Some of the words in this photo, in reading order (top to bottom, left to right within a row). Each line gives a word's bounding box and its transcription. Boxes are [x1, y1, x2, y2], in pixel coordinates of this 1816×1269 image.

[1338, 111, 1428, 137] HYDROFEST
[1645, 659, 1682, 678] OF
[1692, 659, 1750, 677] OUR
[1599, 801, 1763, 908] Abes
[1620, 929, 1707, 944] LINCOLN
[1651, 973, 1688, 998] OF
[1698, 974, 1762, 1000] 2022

○ ○ ○ ○

• **Try it**
The records above are to be transcribed exactly, with nothing left out.

• **Task output**
Some of the words in this photo, in reading order (top to bottom, left to right within a row). Each line gives a word's bounding box and its transcription. Boxes are [x1, y1, x2, y2], in pixel coordinates of this 1816×1269 image.

[1338, 111, 1428, 137] HYDROFEST
[1645, 659, 1682, 678] OF
[1692, 659, 1750, 677] OUR
[1599, 801, 1763, 908] Abes
[1620, 929, 1707, 944] LINCOLN
[1651, 973, 1688, 998] OF
[1698, 974, 1762, 1000] 2022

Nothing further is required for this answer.